**TASK DETAILS:**
Images do not belong in the copy. Set down all the entries exactly.

**INPUT DATA:**
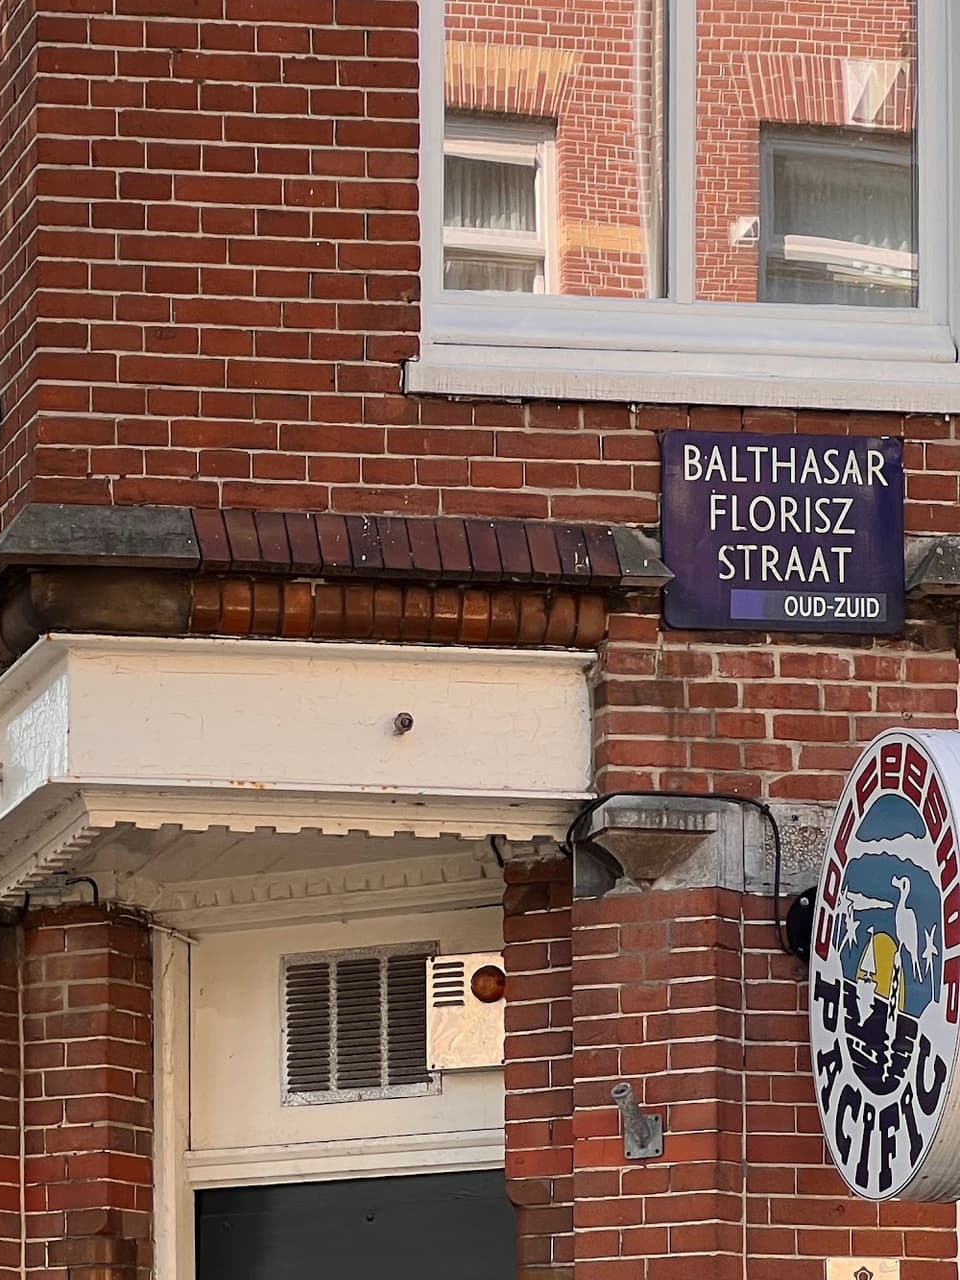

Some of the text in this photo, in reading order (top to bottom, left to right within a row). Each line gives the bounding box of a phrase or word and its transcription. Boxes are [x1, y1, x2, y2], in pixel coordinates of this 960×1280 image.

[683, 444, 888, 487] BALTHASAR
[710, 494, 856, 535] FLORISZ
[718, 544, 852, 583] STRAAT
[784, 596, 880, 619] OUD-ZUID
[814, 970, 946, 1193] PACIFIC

**RESPONSE TO THIS TASK:**
Some of the text in this photo, in reading order (top to bottom, left to right within a row). Each line gives the bounding box of a phrase or word and its transcription. Boxes are [x1, y1, x2, y2], in pixel coordinates of this 960×1280 image.

[683, 444, 888, 487] BALTHASAR
[710, 494, 856, 535] FLORISZ
[718, 544, 852, 583] STRAAT
[784, 596, 880, 619] OUD-ZUID
[814, 970, 946, 1193] PACIFIC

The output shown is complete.